JobWatch: More jobs restored in April

May 20, 2022

JobWatch: More jobs restored in April

May 20, 2022

Response to inflation could slow or reverse recovery

The takeaway: Ohio’s job recovery continued in April, but wage growth currently lags inflation, which dipped slightly to 8.3% in April but remains near a 40-year high. Policymakers can target the corporate profits driving price hikes. If instead they try to quell inflation by raising interest rates, they could slow or reverse the jobs recovery.

“New jobs added last month keep us on track for a full jobs recovery by the end of the year, thanks to the unprecedented scale of federal stimulus that drove rapid early recovery,” said Policy Matters Ohio researcher, Michael Shields. “Policymakers are now rightly focused on high inflation, but they’ve got to use the right tool to tame it. Policymakers should choose a temporary excess profits tax on the corporations driving price hikes. If instead the Federal Reserve moves to stem inflation by slowing the economy, working people will be the ones harmed by more job losses in a job market that has still not recovered, and where wages are outpaced by price hikes.”

Inflation is growing faster than wages, pushing working Ohioans behind. Corporate profits have driven more than half the rise in prices since the second quarter of 2020 (54%), while wages have contributed less than 8%.

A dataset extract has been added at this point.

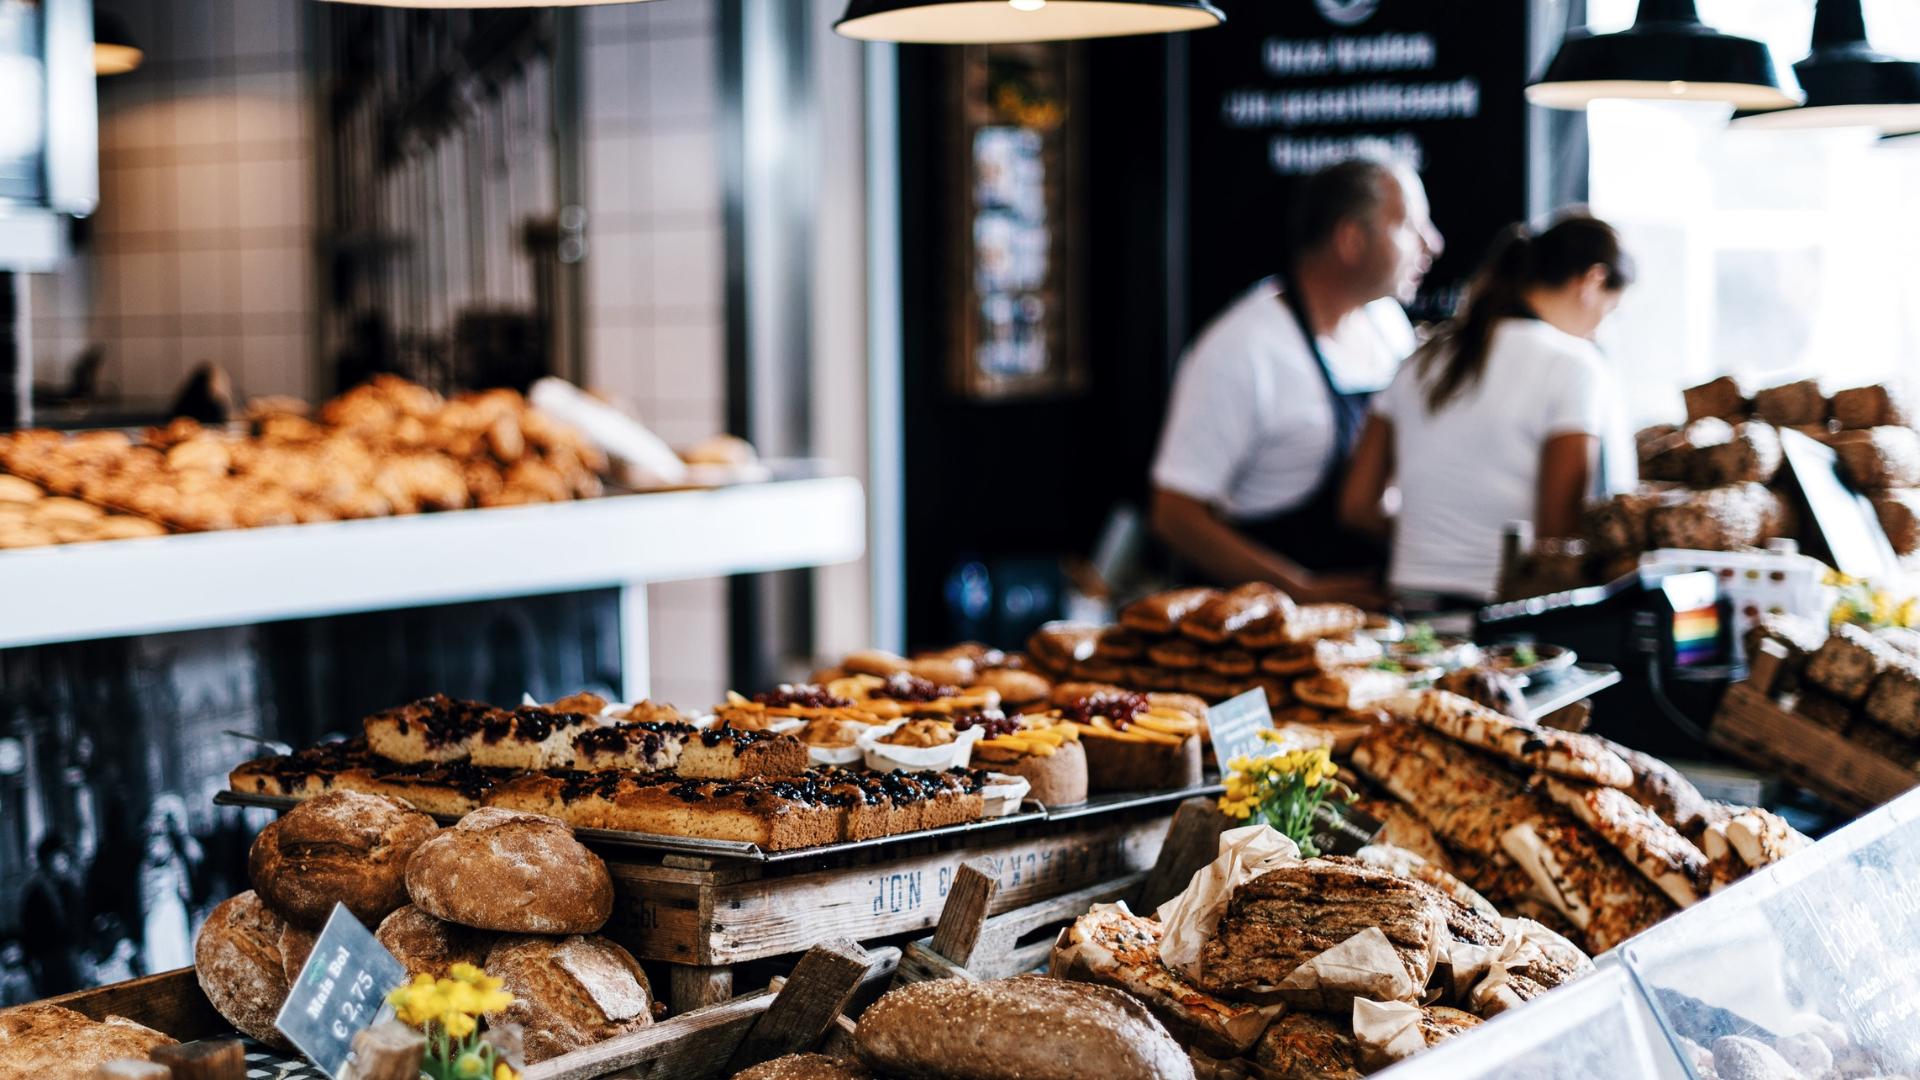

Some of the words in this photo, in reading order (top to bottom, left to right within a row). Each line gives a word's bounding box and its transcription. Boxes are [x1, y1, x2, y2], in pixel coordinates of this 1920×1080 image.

[307, 980, 335, 1019] Mais
[329, 946, 350, 977] Bol
[333, 1020, 348, 1039] €
[343, 971, 373, 1021] 2,75

“Corporate greed is the main driver of inflation in this recovery,” said Shields. “Policymakers must reduce corporate power — not working people’s jobs — in order to tame it.”

The numbers: Seasonally adjusted data released today by the Ohio Department of Job and Family Services (ODJFS) show that Ohio employers restored 9,500 jobs over the month, from a downwardly revised 5,464,400 in March to 5,473,900 in April. This is about half as many jobs as Ohio gained the prior month, but preliminary numbers are subject to revision. Ohio has restored 83.5% of jobs lost to COVID-19 and still needs 139,900 jobs to recover our pre-COVID number from February 2020.

The details: Ohio goods producers added 7,200 jobs last month, far outpacing the larger service sector (+1,900), and government (+400). This substantial gain places goods producers just 0.7% short of their pre-COVID February 2020 level (-7,200 jobs). The service sector is 2.3% short (-90,200 jobs), while government is 5.4% short (-42,700).

The household survey: According to the separate household survey, 11,000 Ohioans entered the workforce last month to accept a job or begin their search, and 14,000 job seekers found work. Ohio’s unemployment rate fell 0.1 points to 4.0%. The nation’s was 0.4 points lower at 3.6% for April.

“Many new job seekers entered the labor force last month following even more who joined in March,” said Shields. “This trend shows that Ohioans want to work, and more are confident that they can find a job. The unprecedented federal response to the COVID recession has put us on track to a record recovery. Enhanced unemployment benefits helped Ohioans to survive the worst of the crisis.”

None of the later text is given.